▸ WORK TASK
Each record that follows should be repeated exactly, with no pictures carried over.

EXCERPTED RECORDS: Begin

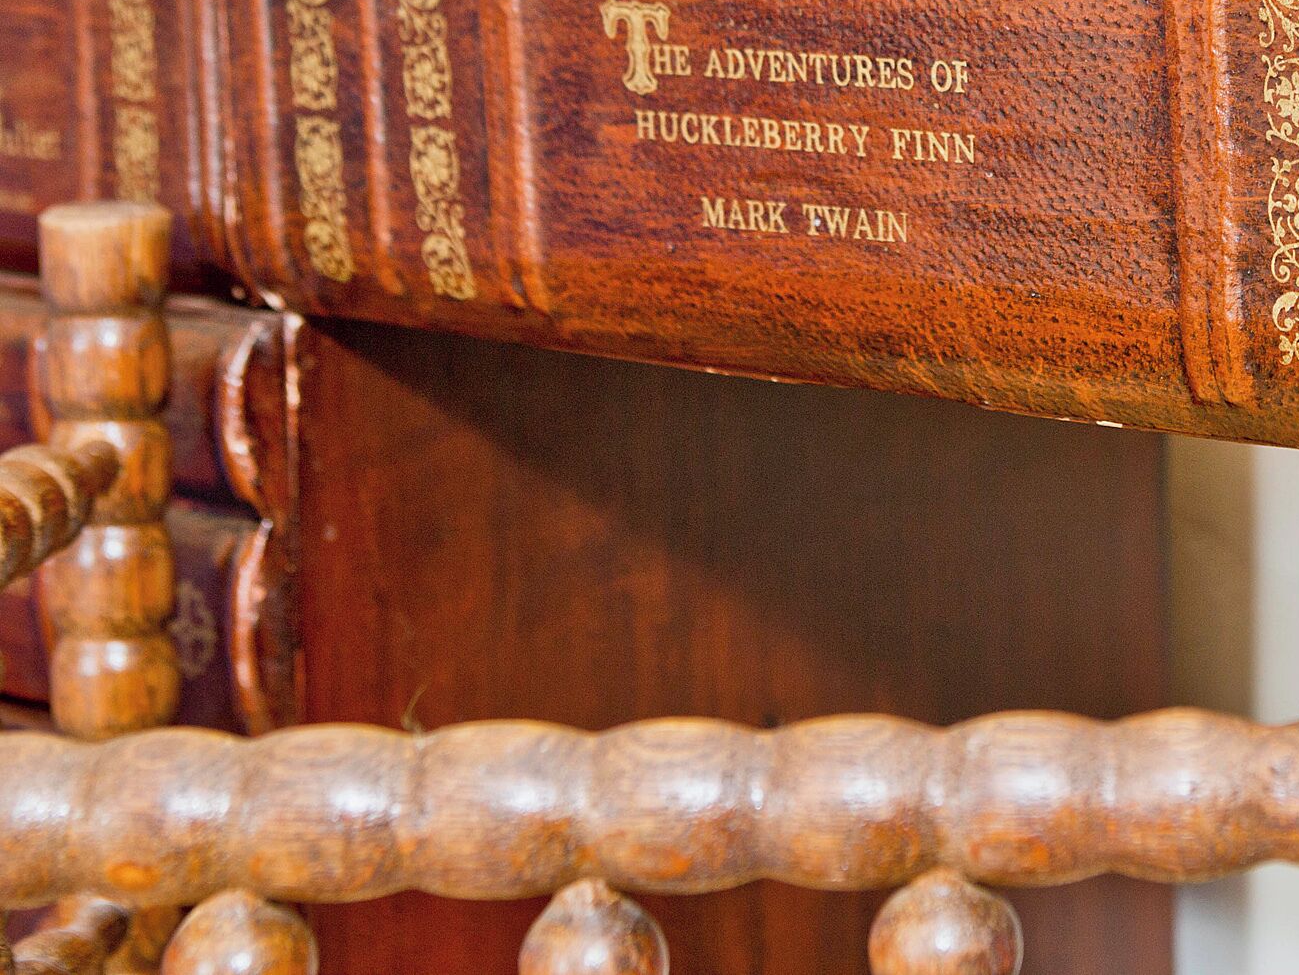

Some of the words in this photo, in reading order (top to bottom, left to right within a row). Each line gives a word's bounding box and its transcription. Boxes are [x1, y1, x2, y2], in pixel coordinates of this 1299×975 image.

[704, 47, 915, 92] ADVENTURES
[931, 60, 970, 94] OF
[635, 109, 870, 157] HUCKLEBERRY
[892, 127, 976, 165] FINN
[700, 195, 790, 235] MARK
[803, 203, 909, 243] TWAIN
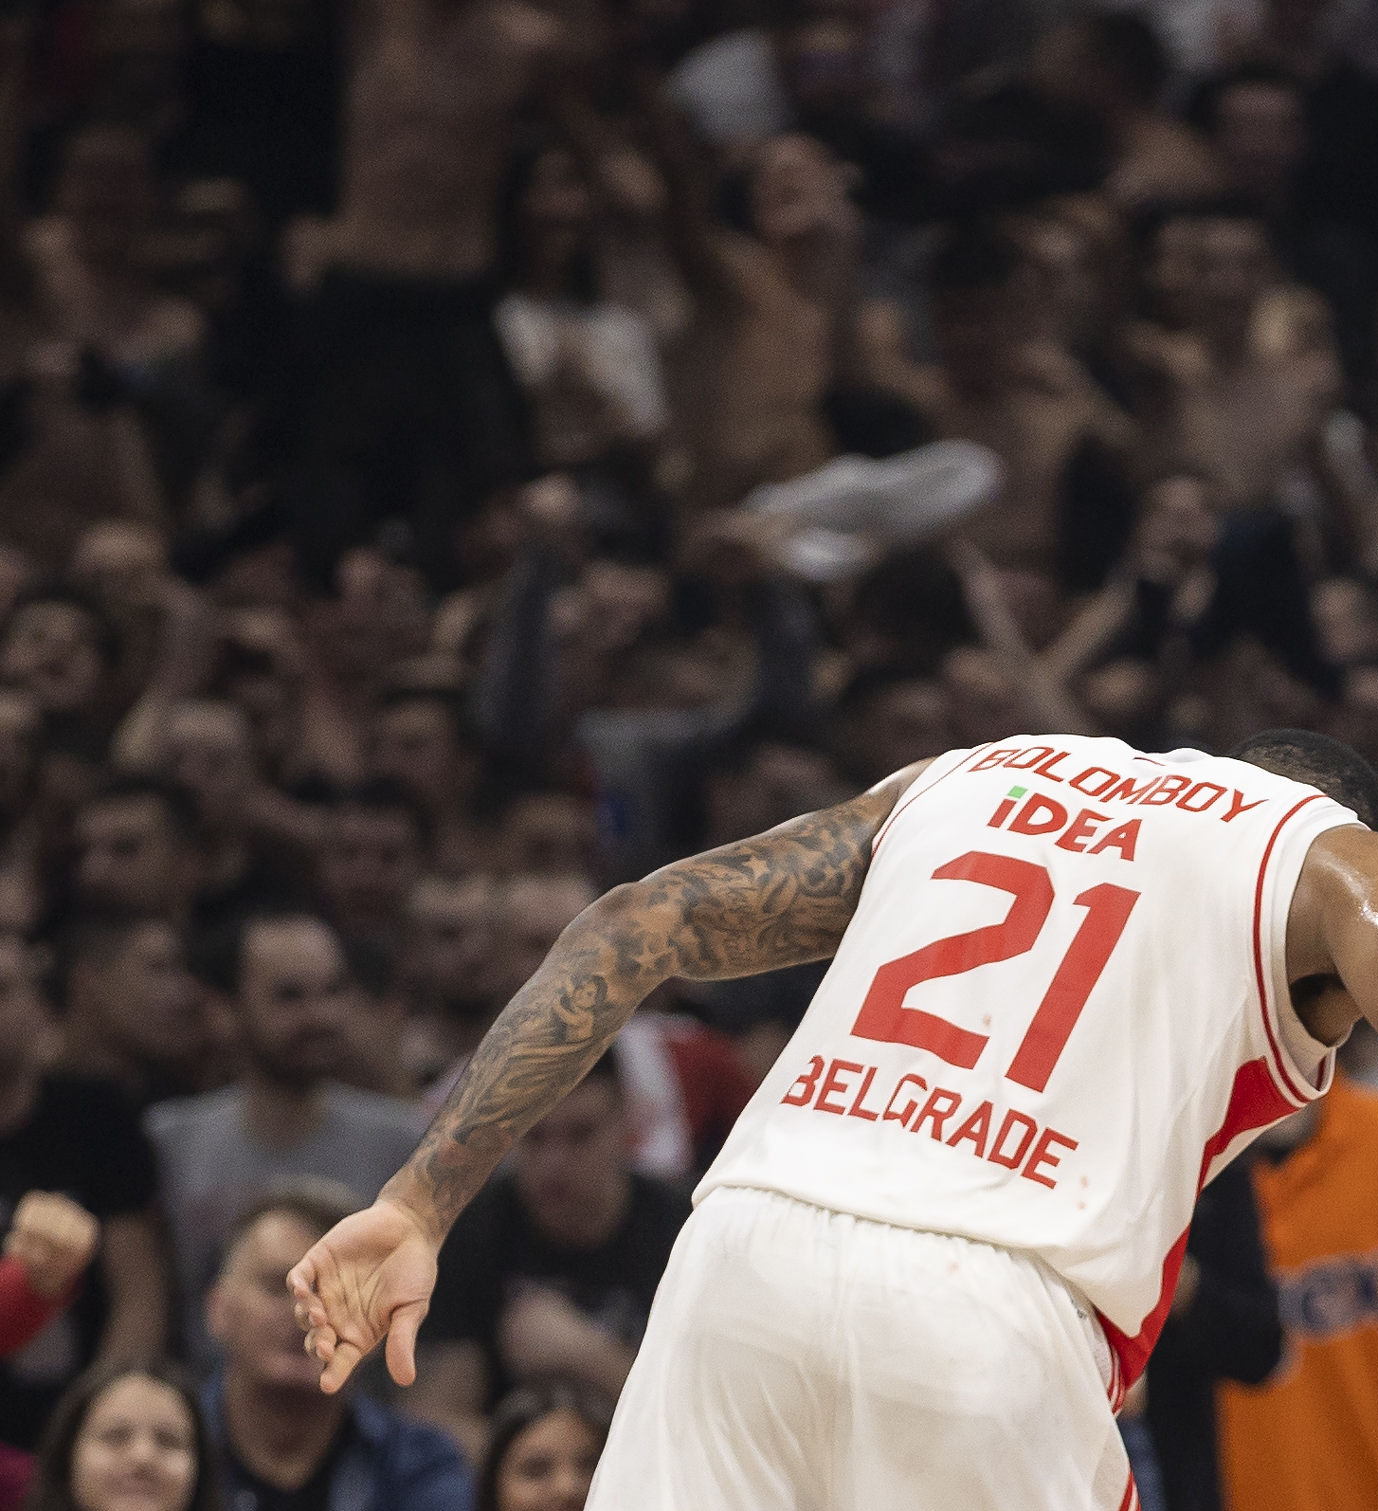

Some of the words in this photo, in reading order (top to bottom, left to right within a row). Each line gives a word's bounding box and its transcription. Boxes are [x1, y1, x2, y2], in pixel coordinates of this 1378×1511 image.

EXCERPTED RECORDS: End

▸ RESPONSE AREA
Some of the words in this photo, in reading order (top to bottom, left to right within a row). Each line gives a word's bounding box and its transcription. Boxes are [x1, y1, x2, y2], in pixel coordinates of this 1299×975 image.

[704, 47, 915, 92] ADVENTURES
[931, 60, 970, 94] OF
[635, 109, 870, 157] HUCKLEBERRY
[892, 127, 976, 165] FINN
[700, 195, 790, 235] MARK
[803, 203, 909, 243] TWAIN

Some of the words in this photo, in reading order (top to bottom, left to right within a row). Each line gives a word's bounding box and its transcription. Boxes are [x1, y1, x2, y2], in pixel coordinates of this 1378×1511 image.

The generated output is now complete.